Wishing to avoid such a debacle, he spent considerable time in determining what course a sensible man should follow if he wanted to escape the onrushing cataclysm. He considered flight into the dead heart of Australia, but concluded that although he could probably hide out in that forbidden region, life without adequate water would be intolerable. Next he contemplated removal to America, but dismissed this as impractical in view of the certainty that America would also be involved in the war.
Finally, by a process of the most careful logic, he decided that his only secure refuge from the world's insanity lay on some tropical island. He reasoned, "There I will find adequate water from the rains, food from the breadfruit and coconut trees, and fish from the lagoons. There will be safety from the airplanes which will be bombing important cities. And thanks to the missionaries, the natives will probably not eat me."
Fortified with such conclusions, he studied the Pacific and narrowed his choice of islands to the one that offered every advantage: remoteness, security, a good life, and a storm cellar until the universal hurricane had subsided.
Thereupon, in the late summer of 1939, one week before Germany invaded Poland, this wise Australian fled to his particular South Pacific refuge. He went to the almost unknown island of Guadalcanal --- which, as we now know, saw some of the bloodiest fighting in WWII.

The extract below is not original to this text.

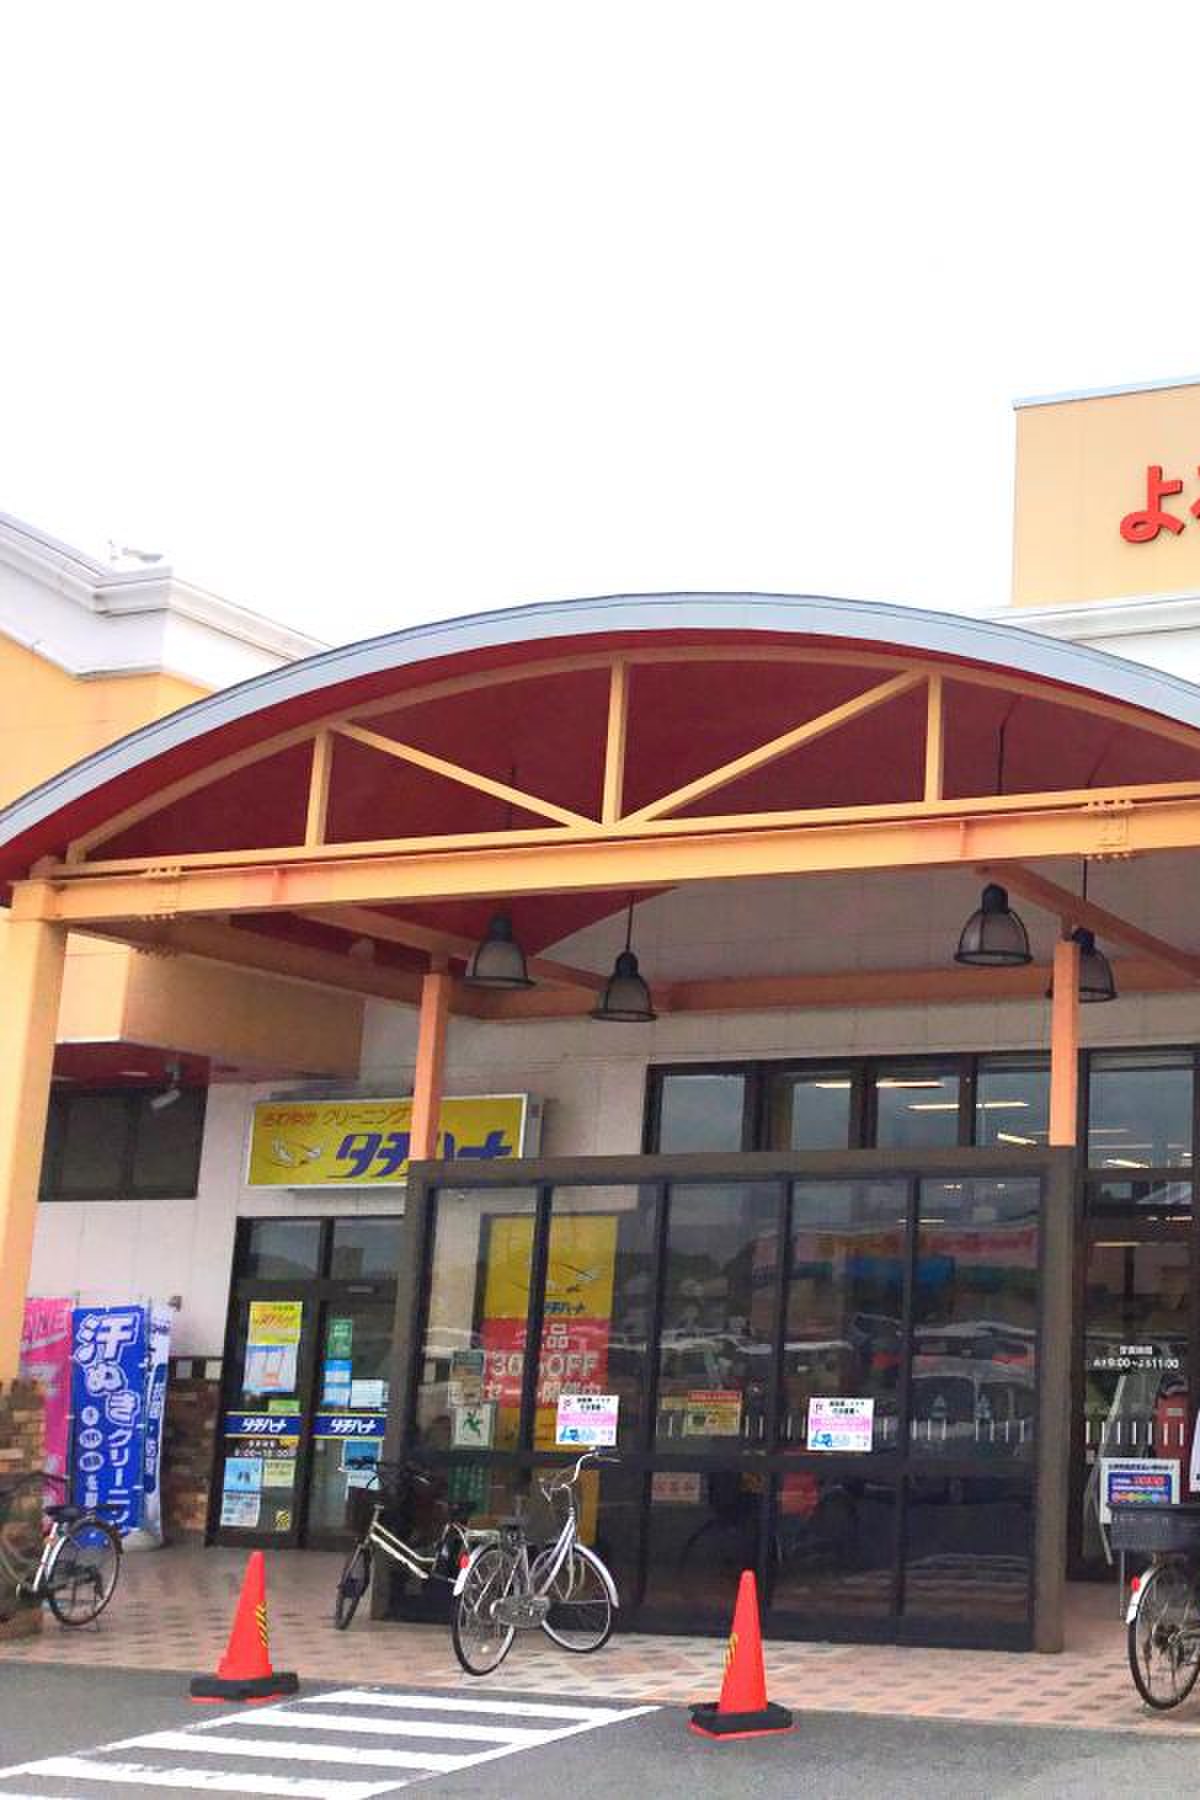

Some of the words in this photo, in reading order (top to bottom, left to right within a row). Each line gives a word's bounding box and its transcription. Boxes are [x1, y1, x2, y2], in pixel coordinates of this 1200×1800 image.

[72, 1312, 141, 1535] 汗ぬきクリーニン
[490, 1351, 599, 1377] 30OFF

In 1970 I lived in Rabaul in New Guinea where I worked for a firm of chartered accountants. I stayed there for barely a year but another accountant, working for the same firm, was destined never to leave. For him the old aphorism came true that "if you spend more than five years in New Guinea you were done for, you'd never be able to get out, your energy would be gone, and you'd rot there like an aged palm."
Rabaul, built on the edge of a flooded volcano, was completely destroyed in 1994 by the falling ash of a major volcanic eruption. My accounting-colleague had to flee the town and lost everything as did another friend who had settled in nearby Nonga.
And now, it seems, my good friend Horst is sitting right in the path of Cyclone Ian which is bearing down on Tonga's northern islands of Vava'u and Ha'apai with winds of 200 kilometres an hour, gusting up to 290 kilometres an hour.
Ian is a slow moving cyclone, which leads to greater destruction, and heavy rain, thunderstorms, flash flooding, heavy swells and sea flooding are also expected. It's the first in this cyclone season, which runs from November to March, but already it has been categorised as the worst in fifty years.
Like other people who in their days of hope or torment fled to their obscure Guadalcanals, where, they were convinced, perpetual ease and fulfillment awaited them, so Horst has lived his dream for the past nineteen years in a flimsy hut on the tiny island of Uiha.
I hope he and his flimsy hut, built on a tiny coral head in the middle of nowhere, will survive Cyclone Ian.